A Systematic Approach Toward Implementing Machine Learning Techniques to Analyze Gut Microbiome Data
A Systematic Approach Toward Implementing Machine Learning Techniques to Analyze Gut Microbiome Data
Jahanikia, S.; Taada, A.; George, A.; Biruduraju, D.; Lu, E.; Singh, I.; Chhajer, K.; Wang, M.; Pentela, T.
AbstractThis study investigates the relationship between the gut microbiota and specific diseases. Data was collected from the Human Gut Microbiome Atlas, which examines regional variations across 20 countries on five continents, categorizing microbial species by taxonomy, from genus to species.
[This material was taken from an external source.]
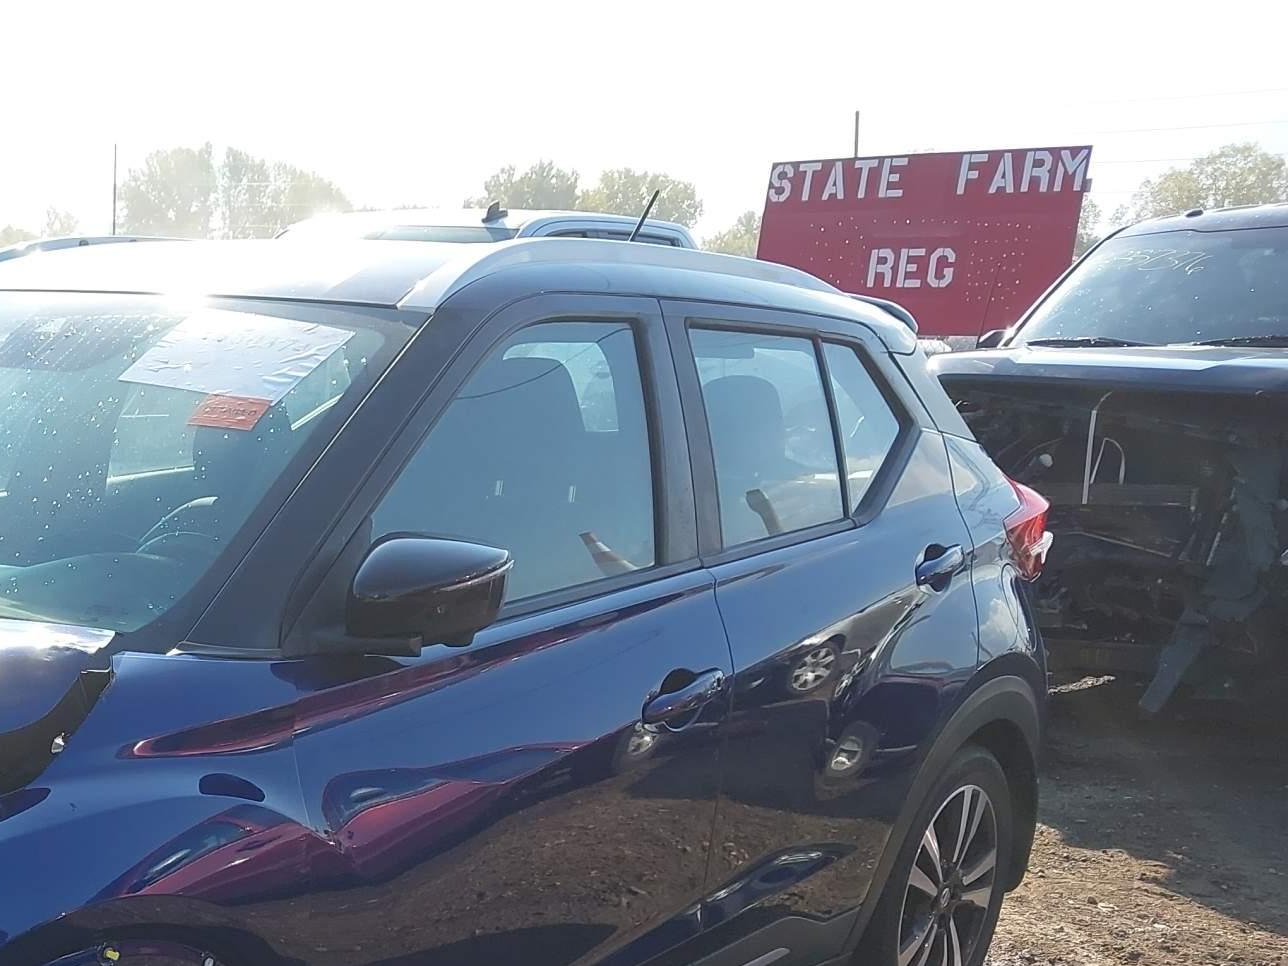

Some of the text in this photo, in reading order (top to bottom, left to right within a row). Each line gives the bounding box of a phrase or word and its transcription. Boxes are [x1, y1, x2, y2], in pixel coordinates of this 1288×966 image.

[768, 149, 1089, 202] STATE FARM
[866, 248, 956, 288] REG
The Atlas provides color-coded phylum classifications, numerical species counts within the same genus, and an analysis of dysbiosis-related associations with 23 diseases, as well as region-enriched species. The data stratified samples into distinct categories such as westernized, non-westernized, cancerous, and non-cancerous. The findings demonstrate that tree-based ensemble methods, such as Bagging and Boosting prediction methods, achieved the highest accuracies across all categories due to their robustness in handling the complex, high-dimensional data. The XGBoost model yielded the strongest predictive performance, achieving 91% accuracy for westernized cancer-associated samples, 84% accuracy for non-westernized cancer-associated samples, 92% accuracy for westernized samples, and 78% for non-westernized samples. Additionally, advanced topological data analysis was used to assess the global structure and underlying patterns within the dataset.